Il Dicastero ha inviato una nota agli Ordini in cui vengono chiariti diversi aspetti delle normativa relativa a obbligo e sospensione
Sull'obbligo del vaccino ai sanitari, ol ministero della Salute ha inviato una nota dettagliata agli Ordini (clicca qui per scaricare il documento completo) in cui vengono chiariti diversi aspetti delle normativa relativa a obbligo e sospensione.In particolare il Dicastero ha fornito chiarimenti su 4 questioni: sui termini dai quali decorre l’obbligo della dose di richiamo ai sanitari vaccinati con ciclo primario; sulla decorrenza per l’obbligo per i sanitari mai vaccinati che hanno contratto l’infezione; sulla decorrenza per l’obbligo vaccinale per i sanitari che hanno contratto l’infezione entro 14 giorni dalla somministrazione della prima dose di vaccino bidose; sulla decorrenza per l'obbligo vaccinale per i sanitari che hanno contratto l’infezione successivamente al completamento del ciclo primario.
1) Termini dai quali decorre l’obbligo di somministrazione della dose di richiamo
Il Ministero ha confermato che per quanto riguarda l’obbligo di somministrazione della dose di richiamo, i professionisti sanitari risultano inadempienti qualora, allo scadere dei 120 giorni dalla conclusione del ciclo vaccinale primario, non abbiano effettuato la dose di richiamo.

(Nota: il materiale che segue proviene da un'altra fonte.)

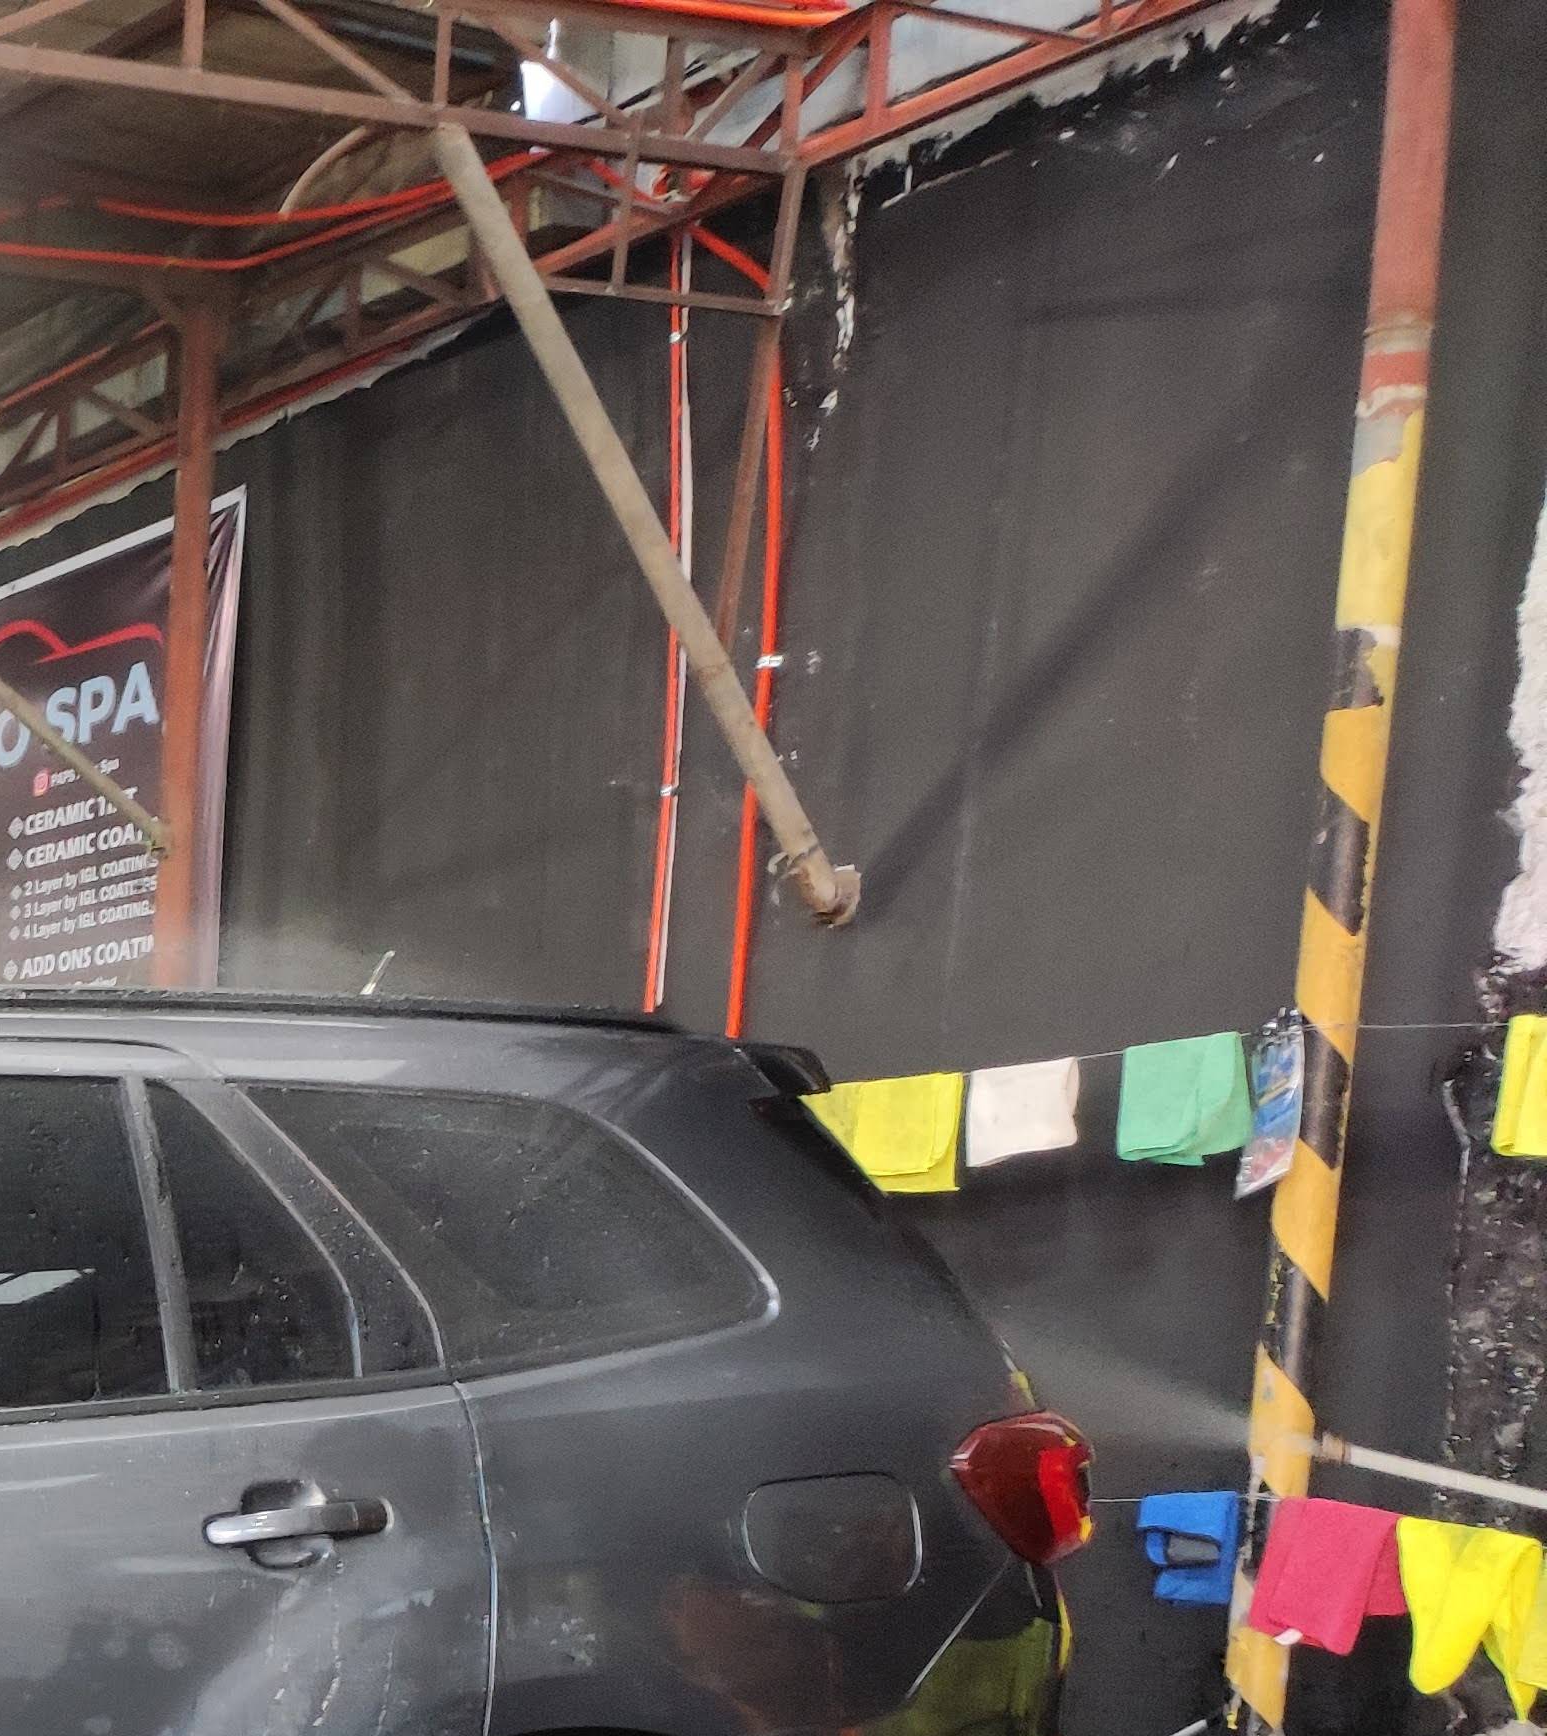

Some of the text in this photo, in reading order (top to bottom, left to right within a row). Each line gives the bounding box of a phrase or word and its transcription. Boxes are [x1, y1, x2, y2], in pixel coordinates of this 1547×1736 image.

[44, 661, 160, 745] SPA
[24, 798, 97, 836] CERAMIC
[24, 833, 97, 869] CERAMIC
[25, 881, 33, 897] 2
[20, 953, 55, 979] ADD
[58, 945, 92, 972] ONS

2) Termini di decorrenza per obbligo vaccinale per i soggetti mai vaccinati che hanno contratto l’infezione da SARS-CoV-2
Il Ministero ha confermato che per i soggetti mai vaccinati che hanno contratto l’infezione da SARS-CoV-2 documentata da un test diagnostico positivo, è indicata la vaccinazione, a partire da tre mesi (90 giorni) dalla data del test diagnostico positivo, con possibilità di somministrare un’unica dose di vaccino bidose in caso di soggetti non immunocompromessi, sempre che non siano trascorsi più di 12 mesi dalla guarigione (data di fine isolamento). Oltre i 12 mesi dalla guarigione, è raccomandata la somministrazione di un ciclo completo primario (a due dosi per i vaccini bidose o singola dose di vaccino monodose). In ogni caso è possibile comunque procedere con ciclo bidose; in altri termini, anche in caso di pregressa infezione, chi lo desideri può ricevere due dosi di vaccino bidose come ciclo vaccinale primario. In sintesi, il professionista sanitario deve essere considerato inadempiente all’obbligo vaccinale qualora non effettui la dose in questione alla prima data utile (90 giorni) indicata nelle circolari menzionate.

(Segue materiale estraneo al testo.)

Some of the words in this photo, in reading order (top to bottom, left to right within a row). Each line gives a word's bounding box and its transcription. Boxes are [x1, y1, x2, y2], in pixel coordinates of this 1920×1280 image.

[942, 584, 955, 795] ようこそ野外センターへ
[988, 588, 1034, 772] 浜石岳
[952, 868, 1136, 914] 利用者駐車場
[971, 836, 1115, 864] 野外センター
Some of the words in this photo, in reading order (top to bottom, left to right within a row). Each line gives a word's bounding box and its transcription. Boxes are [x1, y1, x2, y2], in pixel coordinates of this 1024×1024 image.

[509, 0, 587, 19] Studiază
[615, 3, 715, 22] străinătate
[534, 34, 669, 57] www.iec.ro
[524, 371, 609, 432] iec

3) Termini di decorrenza per obbligo vaccinale per i soggetti che abbiano contratto infezione da SARS-CoV-2 entro 14 giorni dalla somministrazione della prima dose di vaccino bidose
Il Ministero della salute ha chiarito che nel caso di intervenuta infezione da SARS-CoV-2 entro 14 giorni dalla somministrazione della prima dose di vaccino bidose, per completare il ciclo primario occorre la somministrazione di una seconda dose; la prima data utile è individuata considerando 3 mesi (90 giorni) dalla data del test diagnostico positivo; la somministrazione dovrà comunque avvenire preferibilmente entro 6 mesi (180 giorni) dalla data del test diagnostico positivo. In questo caso, vale l’indicazione di 3 mesi (90 giorni) come prima data utile per effettuare la vaccinazione, in quanto tali soggetti vengono equiparati a coloro che hanno avuto la sola infezione. Anche in questo caso è evidente che il professionista sanitario deve essere considerato inadempiente all’obbligo vaccinale qualora non effettui la dose in questione alla prima data utile (90 giorni) indicata nelle circolari menzionate. Pertanto, sia nell’ipotesi del professionista sanitario con infezione mai vaccinato che in quella del professionista che contragga il COVID-19 entro 14 giorni dalla somministrazione della prima dose di vaccino, il sanitario è inadempiente all’obbligo vaccinale qualora non effettui la dose in questione trascorsi 90 giorni dall’infezione.
4) Termini di decorrenza per obbligo vaccinale per i soggetti che hanno contratto una infezione da SARS-CoV-2 successivamente al completamento del ciclo primario
Nei soggetti che hanno contratto una infezione da SARS-CoV-2 successivamente al completamento del ciclo primario, il ministero ha chiarito che non viene meno la condizione di soggetti inadempimenti in capo a coloro che non hanno assolto all’obbligo decorsi 120 giorni dalla data del test diagnostico positivo.